** PROBLEM DETAILS **
Output all entries precisely and leave out the pictures.

** RECORDED DATA **
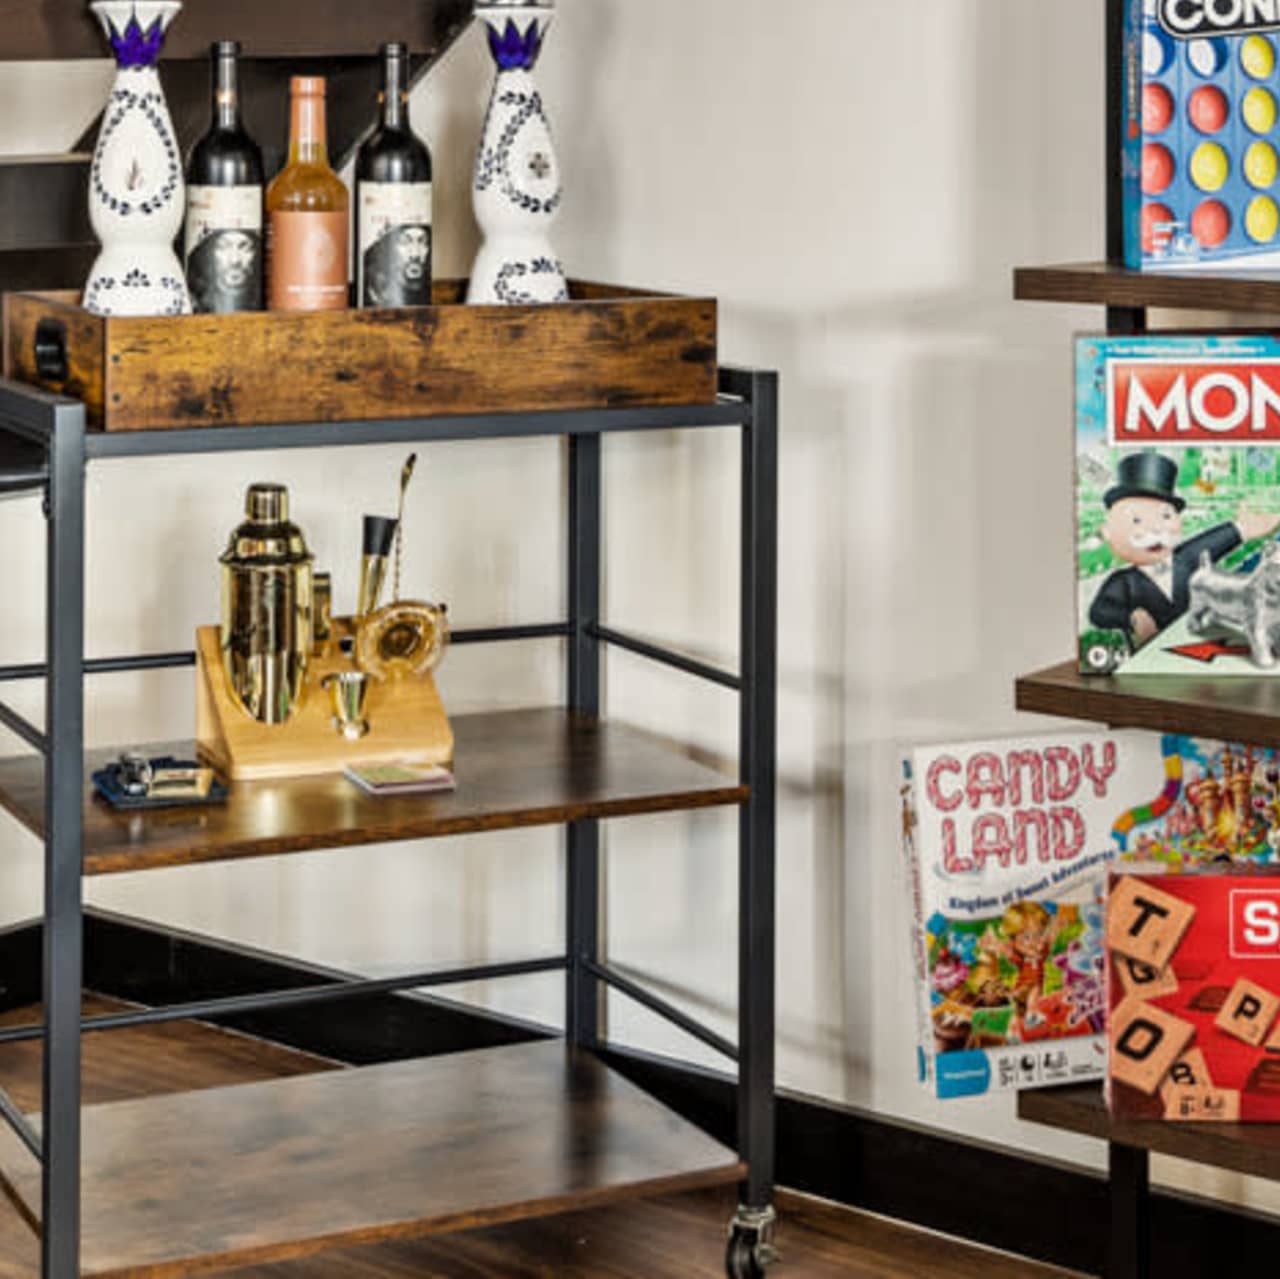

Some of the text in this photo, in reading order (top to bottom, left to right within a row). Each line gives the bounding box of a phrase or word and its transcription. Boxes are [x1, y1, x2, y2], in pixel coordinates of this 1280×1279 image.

[926, 740, 1118, 812] CANDY
[941, 806, 1086, 874] LAND
[949, 896, 999, 912] Kingdom
[1051, 850, 1116, 882] Adventures
[1128, 895, 1170, 937] T
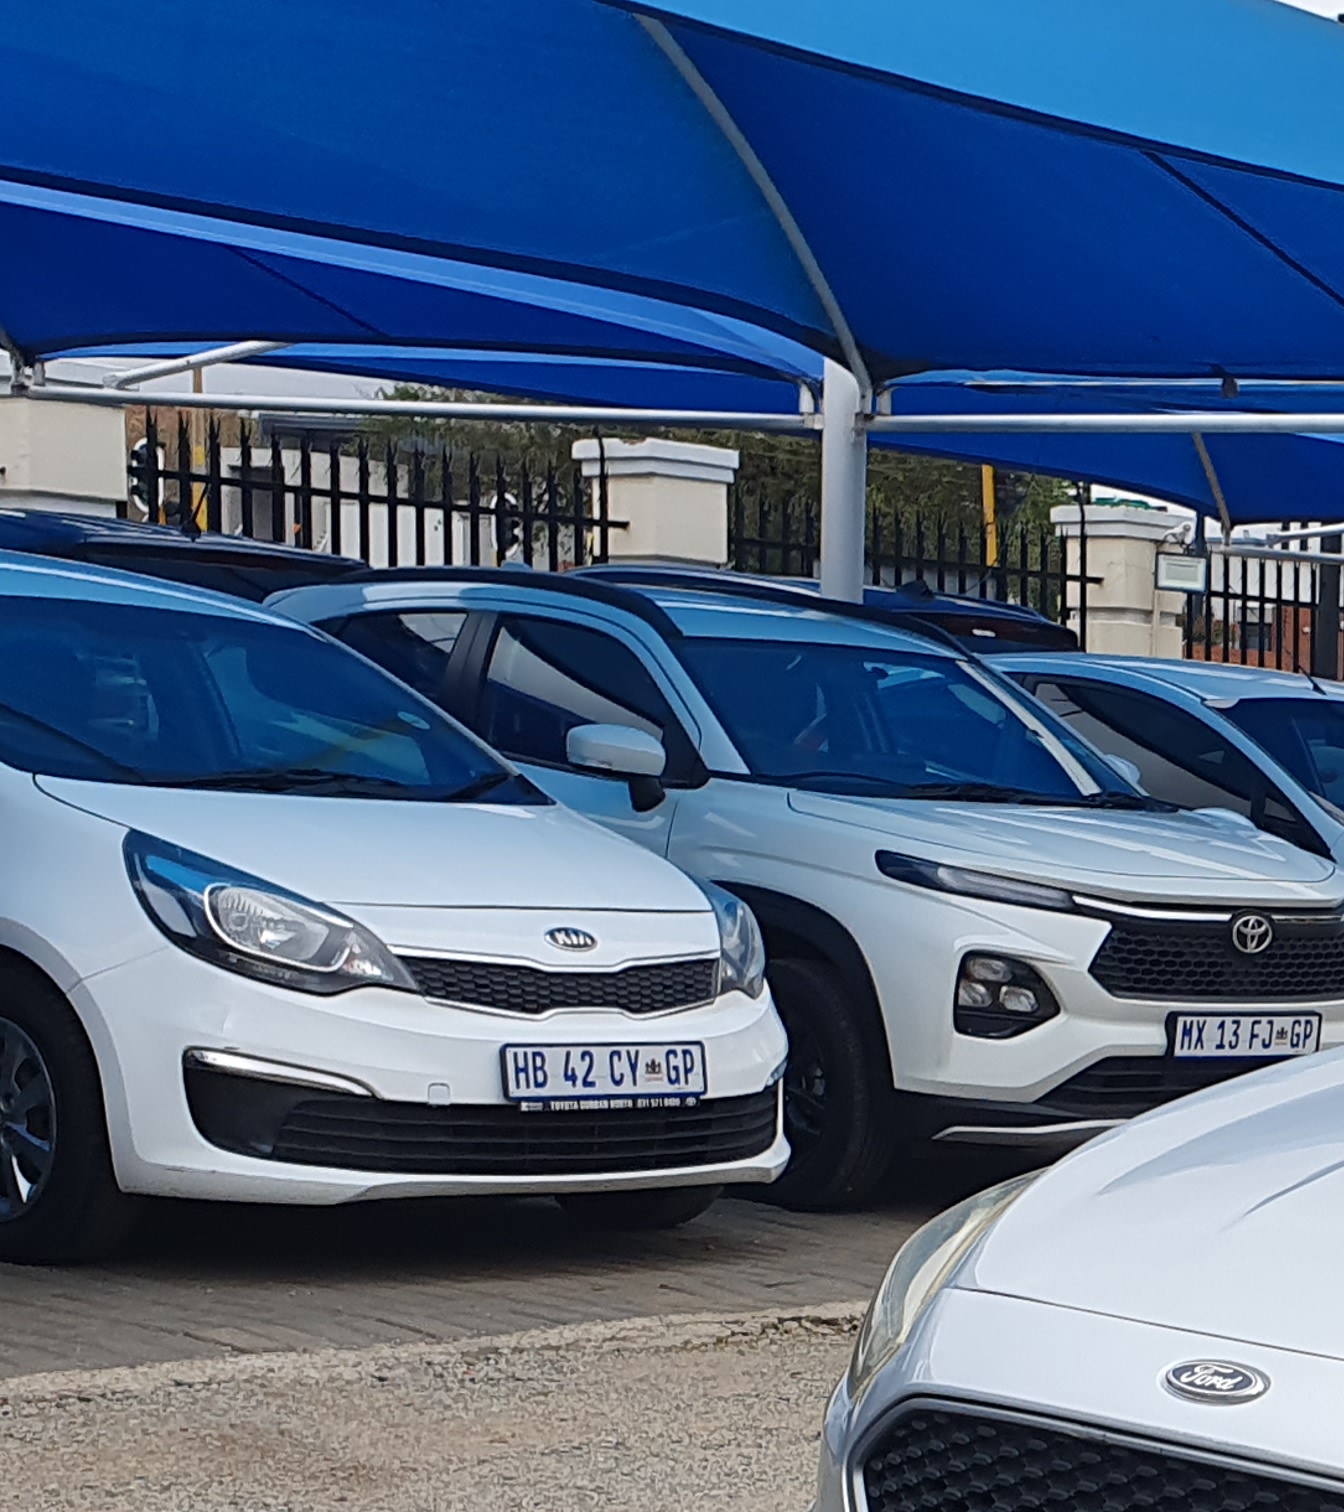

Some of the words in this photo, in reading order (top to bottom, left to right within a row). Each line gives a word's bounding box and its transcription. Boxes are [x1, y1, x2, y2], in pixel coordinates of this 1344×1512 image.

[553, 929, 593, 946] KIA
[1180, 1019, 1207, 1051] MX
[1215, 1019, 1242, 1050] 13
[1249, 1019, 1274, 1050] FJ
[1289, 1019, 1314, 1049] GP
[513, 1050, 548, 1090] HB
[563, 1050, 597, 1089] 42
[609, 1049, 640, 1087] CY
[665, 1048, 695, 1086] GP
[1180, 1363, 1243, 1390] Ford
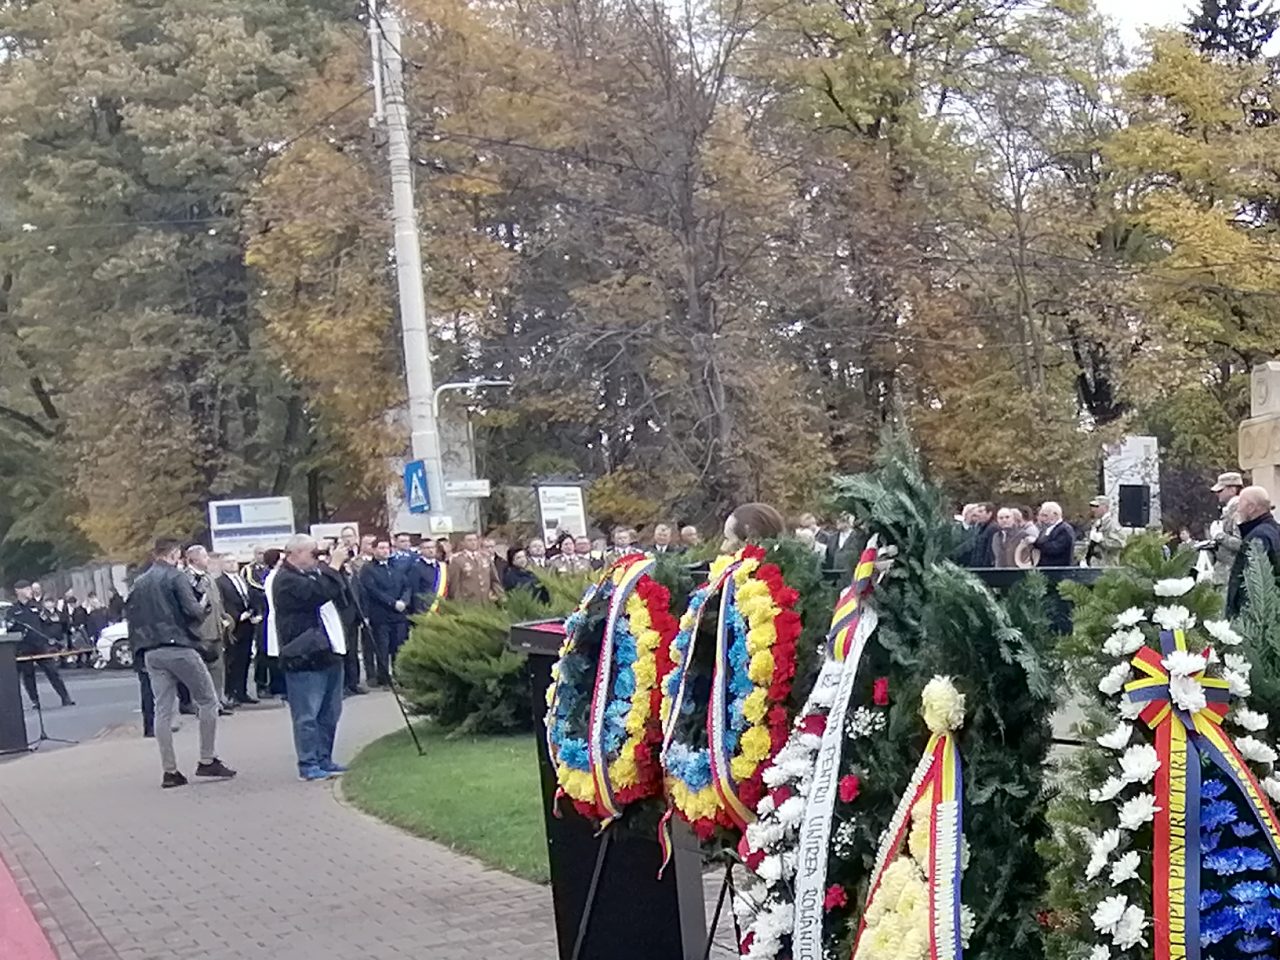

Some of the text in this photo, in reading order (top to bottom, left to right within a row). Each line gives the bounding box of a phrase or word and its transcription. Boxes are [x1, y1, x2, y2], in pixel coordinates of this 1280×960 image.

[814, 746, 836, 804] PENTRU
[804, 817, 824, 878] UNIREA
[1168, 801, 1186, 880] PENTRU
[1168, 886, 1186, 946] LUPTA

** SOLUTION TO THE PROBLEM **
Some of the text in this photo, in reading order (top to bottom, left to right within a row). Each line gives the bounding box of a phrase or word and its transcription. Boxes are [x1, y1, x2, y2], in pixel coordinates of this 1280×1279 image.

[926, 740, 1118, 812] CANDY
[941, 806, 1086, 874] LAND
[949, 896, 999, 912] Kingdom
[1051, 850, 1116, 882] Adventures
[1128, 895, 1170, 937] T

Some of the words in this photo, in reading order (top to bottom, left to right within a row). Each line gives a word's bounding box and its transcription. Boxes are [x1, y1, x2, y2], in pixel coordinates of this 1344×1512 image.

[553, 929, 593, 946] KIA
[1180, 1019, 1207, 1051] MX
[1215, 1019, 1242, 1050] 13
[1249, 1019, 1274, 1050] FJ
[1289, 1019, 1314, 1049] GP
[513, 1050, 548, 1090] HB
[563, 1050, 597, 1089] 42
[609, 1049, 640, 1087] CY
[665, 1048, 695, 1086] GP
[1180, 1363, 1243, 1390] Ford

Some of the text in this photo, in reading order (top to bottom, left to right within a row). Each line gives the bounding box of a phrase or word and its transcription. Boxes are [x1, y1, x2, y2], in pixel coordinates of this 1280×960 image.

[814, 746, 836, 804] PENTRU
[804, 817, 824, 878] UNIREA
[1168, 801, 1186, 880] PENTRU
[1168, 886, 1186, 946] LUPTA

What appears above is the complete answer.